Fresh off his critically-acclaimed true story drama Captain Phillips, producer Scott Rudin has optioned the non-fiction book Five Days at Memorial, set in the aftermath of Hurricane Katrina. Here's the official description for the book by Pulitzer Prize winning journalist and doctor Sheri Fink, which was published last month.

"In the tradition of the best investigative journalism, physician and reporter Sheri Fink reconstructs five days at Memorial Medical Center and draws the reader into the lives of those who struggled mightily to survive and to maintain life amid chaos.

After Katrina struck and the floodwaters rose, the power failed, and the heat climbed, exhausted caregivers chose to designate certain patients last for rescue.

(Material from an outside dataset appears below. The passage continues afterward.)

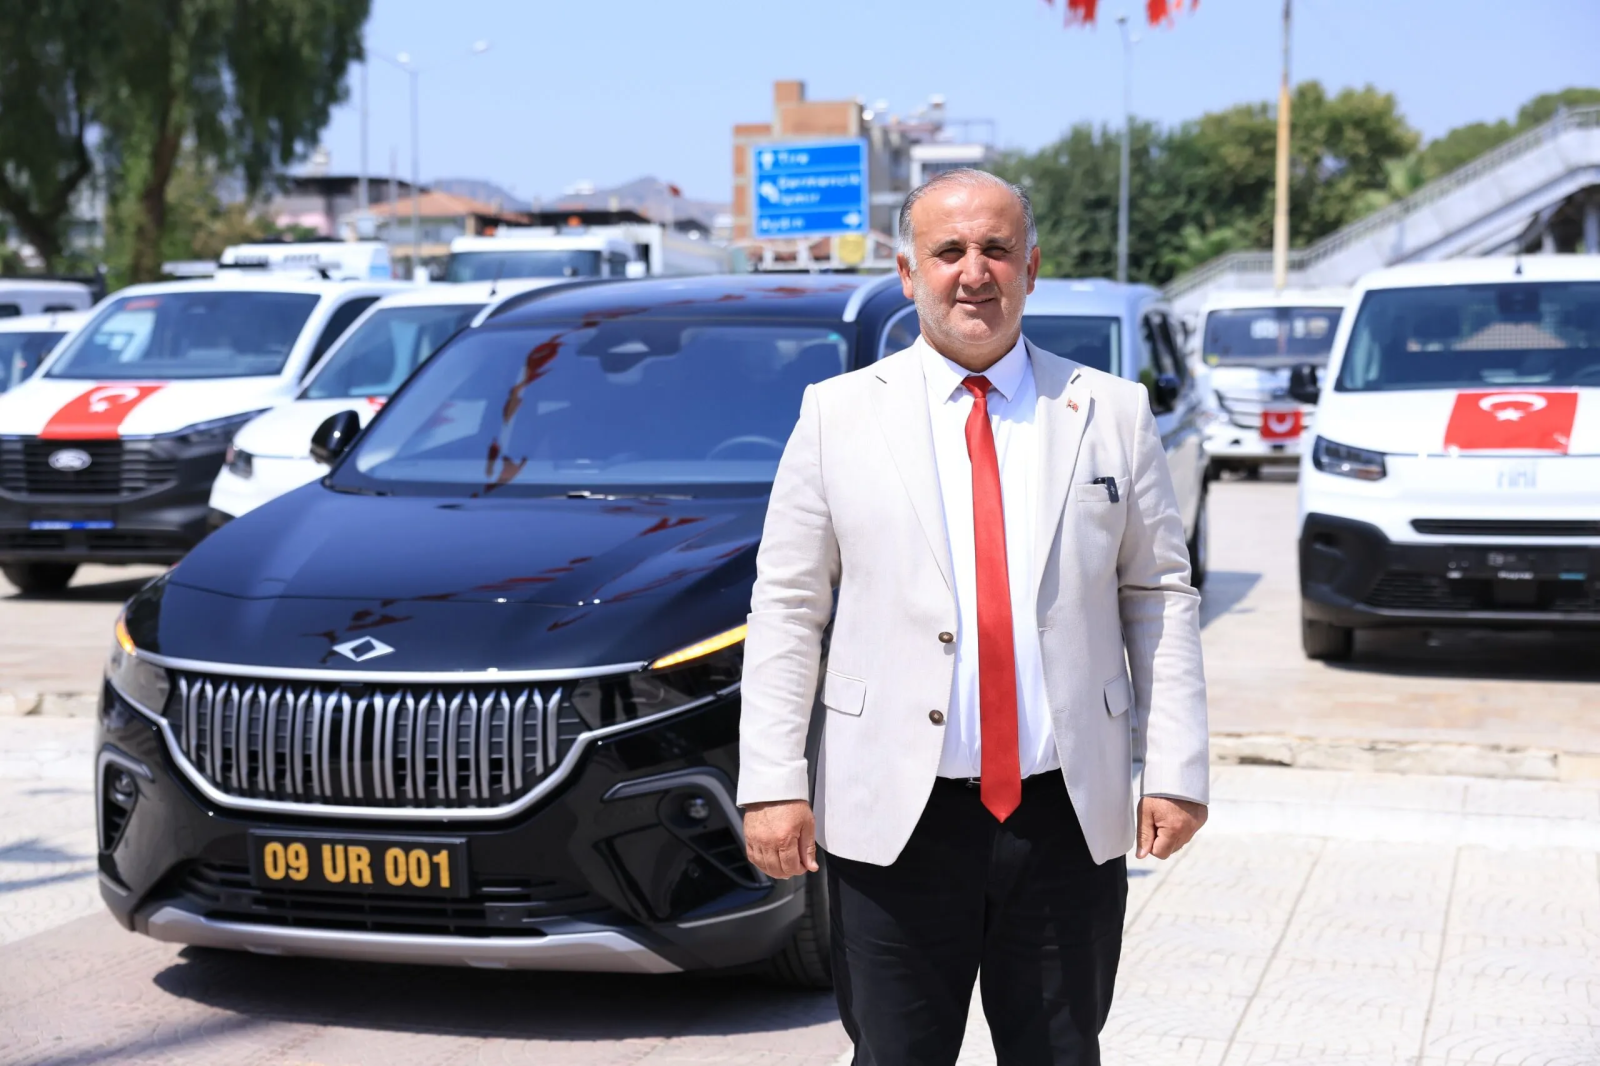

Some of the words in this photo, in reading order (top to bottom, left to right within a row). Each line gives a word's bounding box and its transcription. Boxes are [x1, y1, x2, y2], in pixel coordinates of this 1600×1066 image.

[263, 842, 309, 881] 09
[321, 844, 374, 884] UR
[384, 847, 450, 888] 001

Months later, several health professionals faced criminal allegations that they deliberately injected numerous patients with drugs to hasten their deaths.

Five Days at Memorial, the culmination of six years of reporting, unspools the mystery of what happened in those days, bringing the reader into a hospital fighting for its life and into a conversation about the most terrifying form of health care rationing.

In a voice at once involving and fair, masterful and intimate, Fink exposes the hidden dilemmas of end-of-life care and reveals just how ill-prepared we are in America for the impact of large-scale disasters- and how we can do better."

Faced with power outages and no support from the hospital owners, the New Orleans doctors were faced with excruciating decisions about who to save, four days after Hurricane Katrina struck. Those who weren't expected to survive were pumped up with morphine and left to die. The book focuses on the attempts to prosecute a doctor and two nurses for injecting dangerous levels of morphine into 23 patients who died. 20 of those deaths were ruled as homicides.

Scott Rudin will produce along with Eli Bush (Frances Ha, Moonrise Kingdom). No screenwriter or director has been attached yet.